### Aim of the exercise:
Every entry should be transcribed word for word, so that nothing is missing.

***

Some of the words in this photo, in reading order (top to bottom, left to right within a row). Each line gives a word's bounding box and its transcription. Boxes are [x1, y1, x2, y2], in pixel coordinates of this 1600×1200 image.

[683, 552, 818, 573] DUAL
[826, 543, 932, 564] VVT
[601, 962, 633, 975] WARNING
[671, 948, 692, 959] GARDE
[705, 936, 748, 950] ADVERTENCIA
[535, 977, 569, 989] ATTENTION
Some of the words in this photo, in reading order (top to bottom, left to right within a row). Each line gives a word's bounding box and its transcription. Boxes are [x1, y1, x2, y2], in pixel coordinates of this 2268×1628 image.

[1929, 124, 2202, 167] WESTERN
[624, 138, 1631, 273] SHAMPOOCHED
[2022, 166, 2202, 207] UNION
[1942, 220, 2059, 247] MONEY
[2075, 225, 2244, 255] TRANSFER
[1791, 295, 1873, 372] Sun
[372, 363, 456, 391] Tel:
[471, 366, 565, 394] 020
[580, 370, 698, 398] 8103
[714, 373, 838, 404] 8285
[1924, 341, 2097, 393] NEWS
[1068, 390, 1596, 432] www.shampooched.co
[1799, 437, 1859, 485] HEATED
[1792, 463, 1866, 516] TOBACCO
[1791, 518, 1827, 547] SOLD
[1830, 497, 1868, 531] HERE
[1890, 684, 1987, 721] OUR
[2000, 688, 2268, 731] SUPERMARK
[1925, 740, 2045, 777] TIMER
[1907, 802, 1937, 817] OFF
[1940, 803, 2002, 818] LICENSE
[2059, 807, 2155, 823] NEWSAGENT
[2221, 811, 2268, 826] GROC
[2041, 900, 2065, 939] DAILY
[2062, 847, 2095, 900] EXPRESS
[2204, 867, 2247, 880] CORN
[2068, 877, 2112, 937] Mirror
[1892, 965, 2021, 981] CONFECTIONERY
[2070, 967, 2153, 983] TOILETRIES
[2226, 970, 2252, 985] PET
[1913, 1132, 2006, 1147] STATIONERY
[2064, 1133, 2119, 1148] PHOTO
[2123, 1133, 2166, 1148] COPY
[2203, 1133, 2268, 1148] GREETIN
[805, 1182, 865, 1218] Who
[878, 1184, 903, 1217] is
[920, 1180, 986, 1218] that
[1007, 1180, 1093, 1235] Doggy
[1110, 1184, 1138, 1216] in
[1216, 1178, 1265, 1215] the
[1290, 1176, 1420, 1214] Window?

***

### Written answer:
Some of the words in this photo, in reading order (top to bottom, left to right within a row). Each line gives a word's bounding box and its transcription. Boxes are [x1, y1, x2, y2], in pixel coordinates of this 1600×1200 image.

[683, 552, 818, 573] DUAL
[826, 543, 932, 564] VVT
[601, 962, 633, 975] WARNING
[671, 948, 692, 959] GARDE
[705, 936, 748, 950] ADVERTENCIA
[535, 977, 569, 989] ATTENTION
Some of the words in this photo, in reading order (top to bottom, left to right within a row). Each line gives a word's bounding box and its transcription. Boxes are [x1, y1, x2, y2], in pixel coordinates of this 2268×1628 image.

[1929, 124, 2202, 167] WESTERN
[624, 138, 1631, 273] SHAMPOOCHED
[2022, 166, 2202, 207] UNION
[1942, 220, 2059, 247] MONEY
[2075, 225, 2244, 255] TRANSFER
[1791, 295, 1873, 372] Sun
[372, 363, 456, 391] Tel:
[471, 366, 565, 394] 020
[580, 370, 698, 398] 8103
[714, 373, 838, 404] 8285
[1924, 341, 2097, 393] NEWS
[1068, 390, 1596, 432] www.shampooched.co
[1799, 437, 1859, 485] HEATED
[1792, 463, 1866, 516] TOBACCO
[1791, 518, 1827, 547] SOLD
[1830, 497, 1868, 531] HERE
[1890, 684, 1987, 721] OUR
[2000, 688, 2268, 731] SUPERMARK
[1925, 740, 2045, 777] TIMER
[1907, 802, 1937, 817] OFF
[1940, 803, 2002, 818] LICENSE
[2059, 807, 2155, 823] NEWSAGENT
[2221, 811, 2268, 826] GROC
[2041, 900, 2065, 939] DAILY
[2062, 847, 2095, 900] EXPRESS
[2204, 867, 2247, 880] CORN
[2068, 877, 2112, 937] Mirror
[1892, 965, 2021, 981] CONFECTIONERY
[2070, 967, 2153, 983] TOILETRIES
[2226, 970, 2252, 985] PET
[1913, 1132, 2006, 1147] STATIONERY
[2064, 1133, 2119, 1148] PHOTO
[2123, 1133, 2166, 1148] COPY
[2203, 1133, 2268, 1148] GREETIN
[805, 1182, 865, 1218] Who
[878, 1184, 903, 1217] is
[920, 1180, 986, 1218] that
[1007, 1180, 1093, 1235] Doggy
[1110, 1184, 1138, 1216] in
[1216, 1178, 1265, 1215] the
[1290, 1176, 1420, 1214] Window?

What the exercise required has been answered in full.